Image-backed grounding data

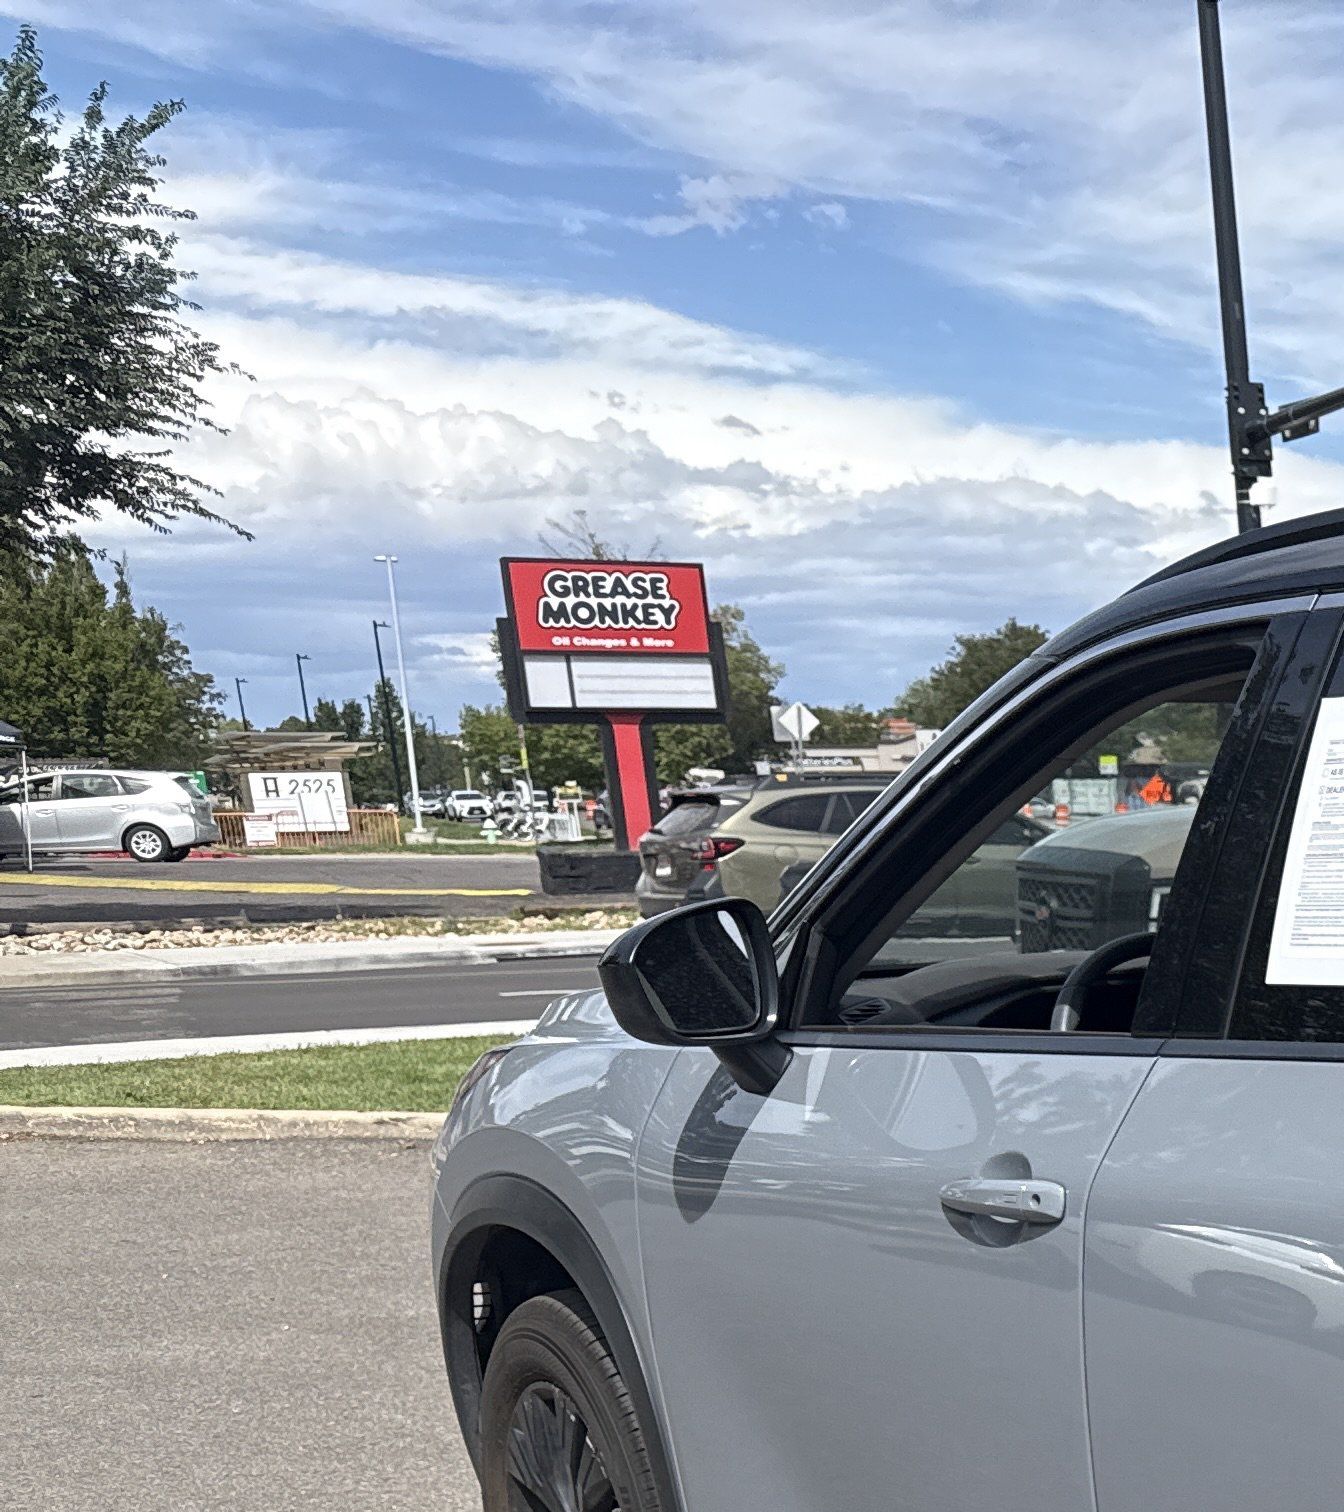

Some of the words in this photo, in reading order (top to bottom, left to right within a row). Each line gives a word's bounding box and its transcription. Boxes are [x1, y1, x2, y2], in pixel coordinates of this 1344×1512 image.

[547, 573, 667, 600] GREASE
[542, 600, 676, 627] MONKEY
[552, 636, 571, 646] Oil
[572, 636, 627, 648] Changes
[629, 637, 641, 647] &
[643, 637, 675, 647] More
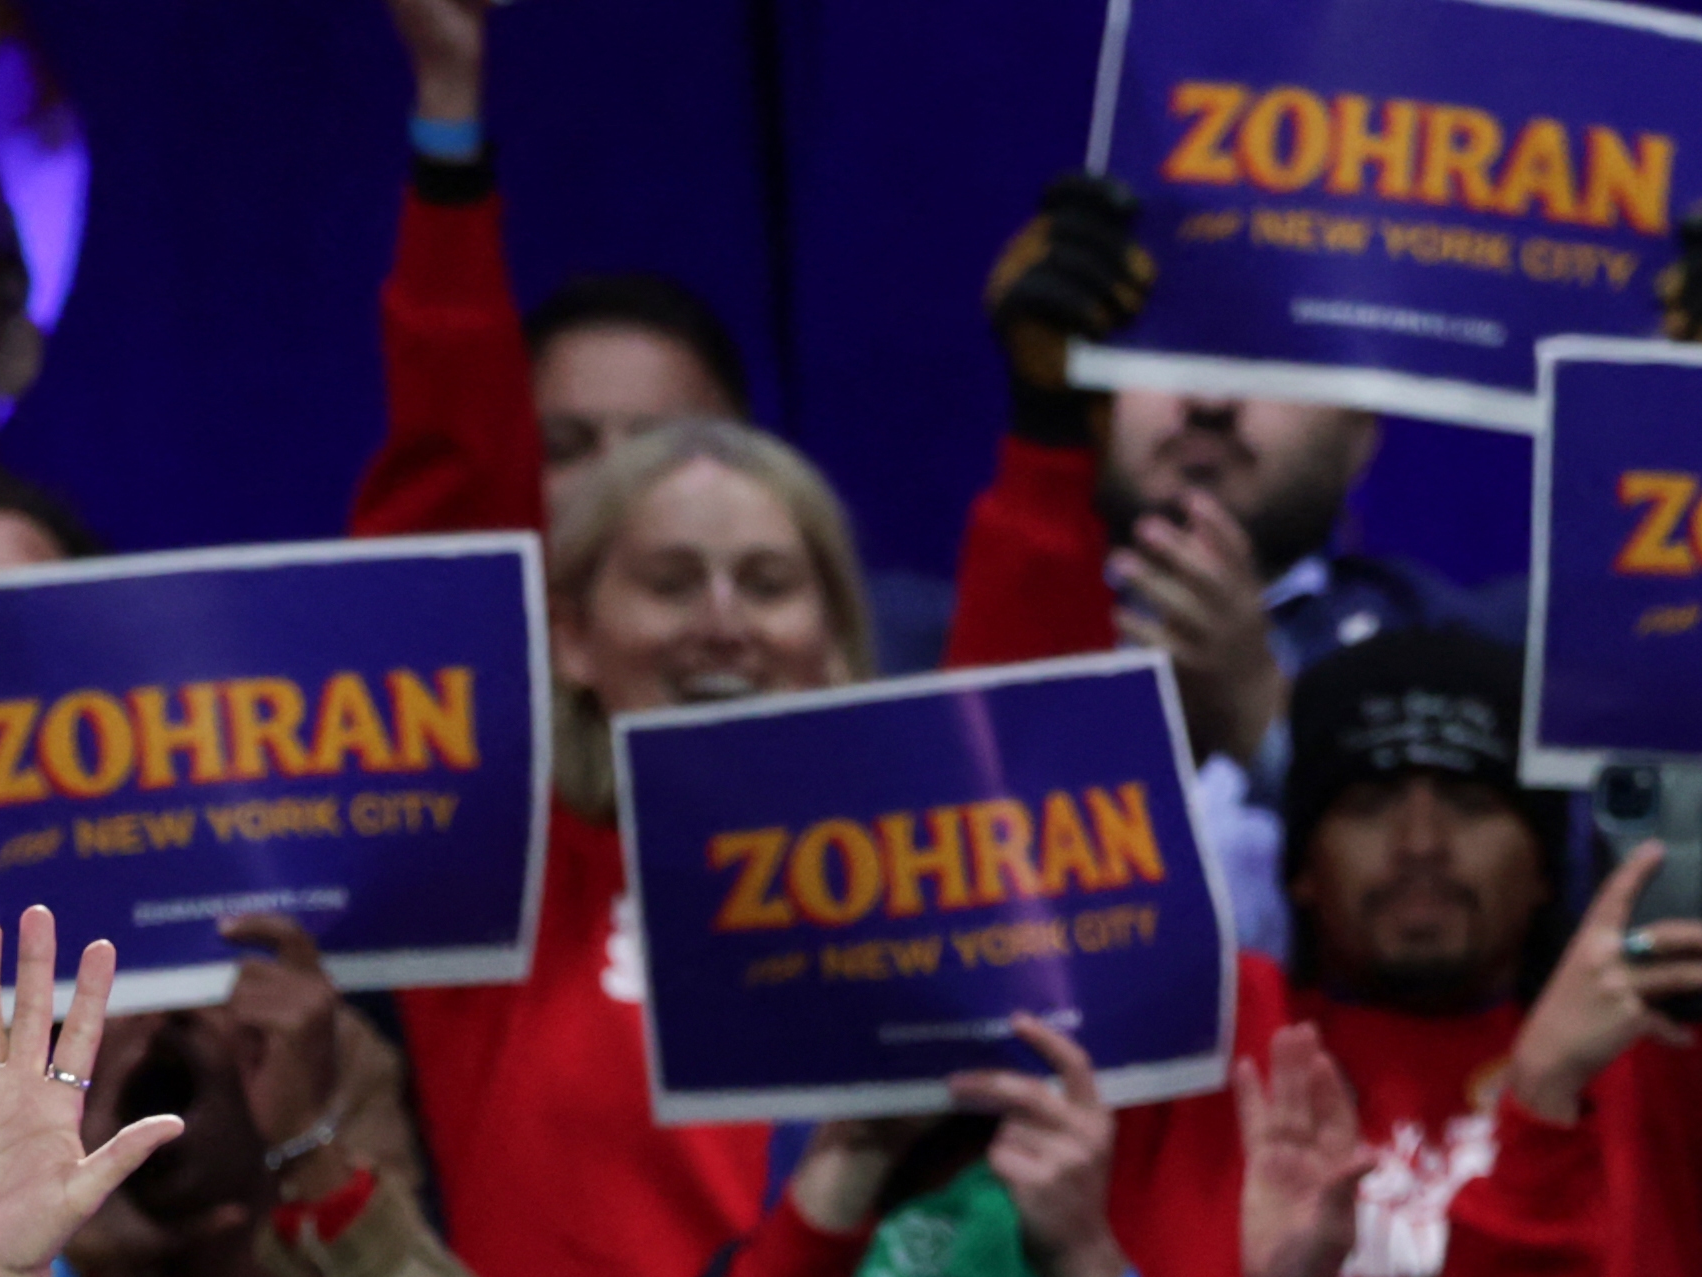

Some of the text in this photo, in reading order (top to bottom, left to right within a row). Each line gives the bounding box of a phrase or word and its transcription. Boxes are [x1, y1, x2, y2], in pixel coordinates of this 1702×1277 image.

[1160, 78, 1678, 238] ZOHRAN
[1249, 205, 1371, 257] NEW
[1381, 216, 1516, 276] YORK
[1518, 235, 1638, 293] CITY
[72, 807, 197, 860] NEW
[202, 792, 342, 846] YORK
[347, 788, 462, 838] CITY
[705, 777, 1167, 936] ZOHRAN
[817, 932, 945, 983] NEW
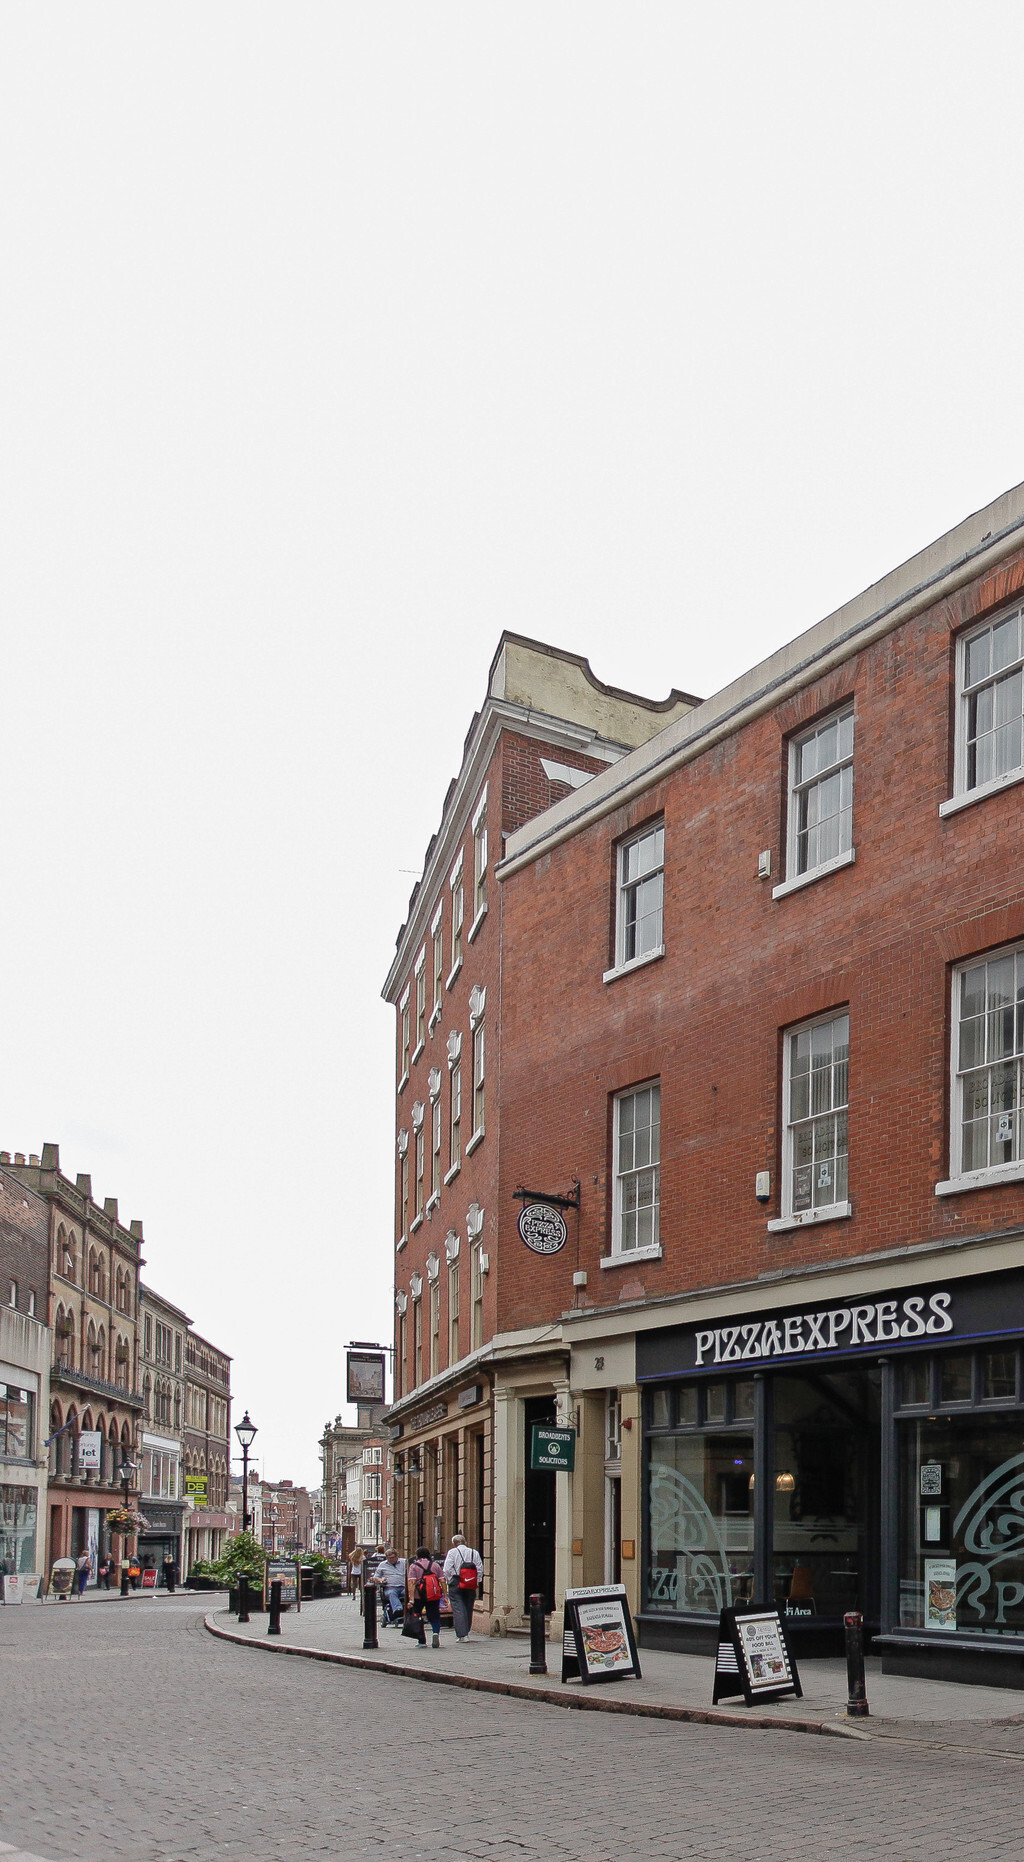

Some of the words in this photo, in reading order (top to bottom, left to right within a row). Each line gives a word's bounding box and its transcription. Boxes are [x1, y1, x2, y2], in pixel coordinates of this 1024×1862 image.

[531, 1219, 555, 1230] PIZZA
[525, 1224, 561, 1237] EXPRESS
[694, 1292, 954, 1366] PIZZAEXPRESS
[538, 1431, 571, 1441] BROADBENTS
[82, 1448, 96, 1457] let
[538, 1456, 568, 1465] SOLICITORS
[794, 1606, 811, 1616] Area

◆ Your assignment: An exact copy of all the entries is required, and it must contain no pictures.

◆ Answer space:
Some of the words in this photo, in reading order (top to bottom, left to right within a row). Each line gives a word's bounding box and its transcription. Boxes are [x1, y1, x2, y2], in pixel coordinates of this 1344×1512 image.

[547, 573, 667, 600] GREASE
[542, 600, 676, 627] MONKEY
[552, 636, 571, 646] Oil
[572, 636, 627, 648] Changes
[629, 637, 641, 647] &
[643, 637, 675, 647] More

Some of the text in this photo, in reading order (top to bottom, left to right within a row). Each line gives the bounding box of a phrase or word and its transcription. Boxes are [x1, y1, x2, y2], in pixel coordinates of this 1702×1277 image.

[1160, 78, 1678, 238] ZOHRAN
[1249, 205, 1371, 257] NEW
[1381, 216, 1516, 276] YORK
[1518, 235, 1638, 293] CITY
[72, 807, 197, 860] NEW
[202, 792, 342, 846] YORK
[347, 788, 462, 838] CITY
[705, 777, 1167, 936] ZOHRAN
[817, 932, 945, 983] NEW

Some of the words in this photo, in reading order (top to bottom, left to right within a row). Each line gives a word's bounding box and its transcription. Boxes are [x1, y1, x2, y2], in pixel coordinates of this 1024×1862 image.

[531, 1219, 555, 1230] PIZZA
[525, 1224, 561, 1237] EXPRESS
[694, 1292, 954, 1366] PIZZAEXPRESS
[538, 1431, 571, 1441] BROADBENTS
[82, 1448, 96, 1457] let
[538, 1456, 568, 1465] SOLICITORS
[794, 1606, 811, 1616] Area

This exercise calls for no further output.